Saved data entries:
*** Begin section ***

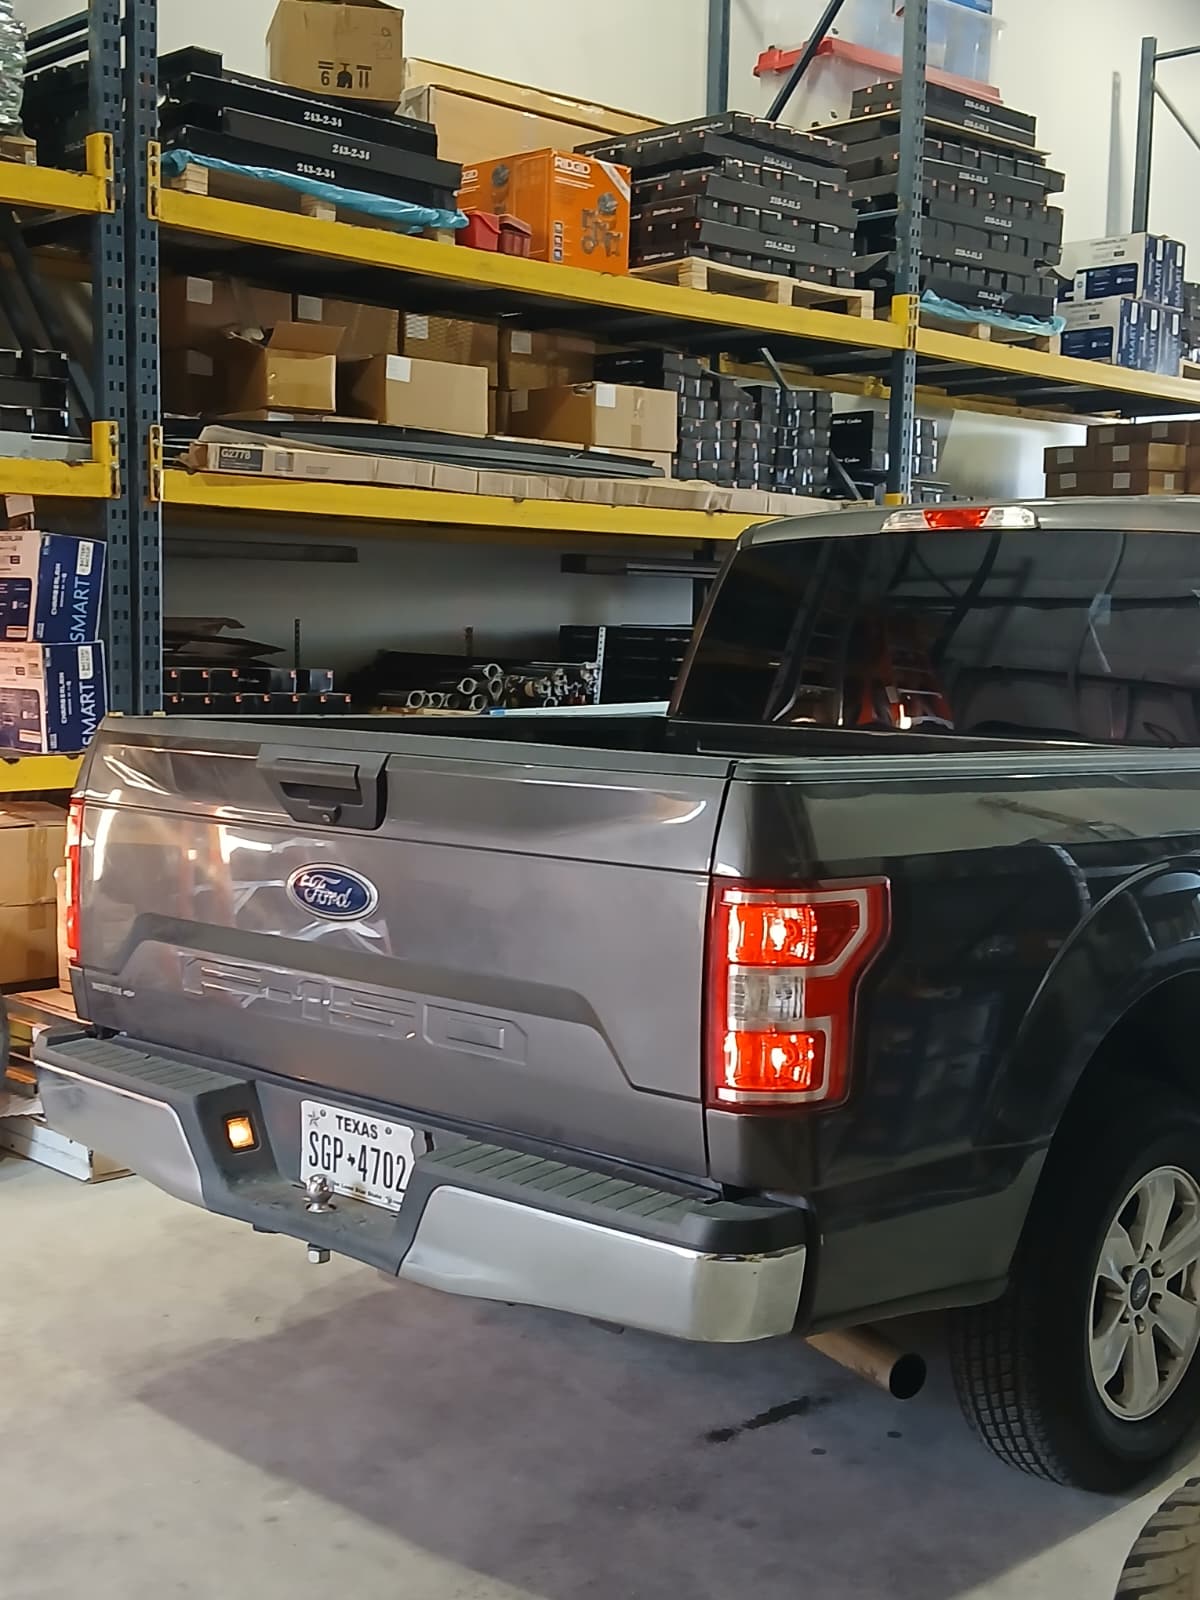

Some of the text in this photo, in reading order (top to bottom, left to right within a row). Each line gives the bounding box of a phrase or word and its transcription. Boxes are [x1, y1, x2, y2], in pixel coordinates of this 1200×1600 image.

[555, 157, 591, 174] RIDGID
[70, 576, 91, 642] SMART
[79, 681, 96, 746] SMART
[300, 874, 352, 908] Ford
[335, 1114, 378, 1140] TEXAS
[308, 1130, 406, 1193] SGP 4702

*** End section ***

■ WHAT THE TASK REQUIRES: Copy out the records above in full, exactly as written, but not the pictures.

■ ANSWER FOR THE TASK:
Some of the text in this photo, in reading order (top to bottom, left to right within a row). Each line gives the bounding box of a phrase or word and its transcription. Boxes are [x1, y1, x2, y2], in pixel coordinates of this 1200×1600 image.

[555, 157, 591, 174] RIDGID
[70, 576, 91, 642] SMART
[79, 681, 96, 746] SMART
[300, 874, 352, 908] Ford
[335, 1114, 378, 1140] TEXAS
[308, 1130, 406, 1193] SGP 4702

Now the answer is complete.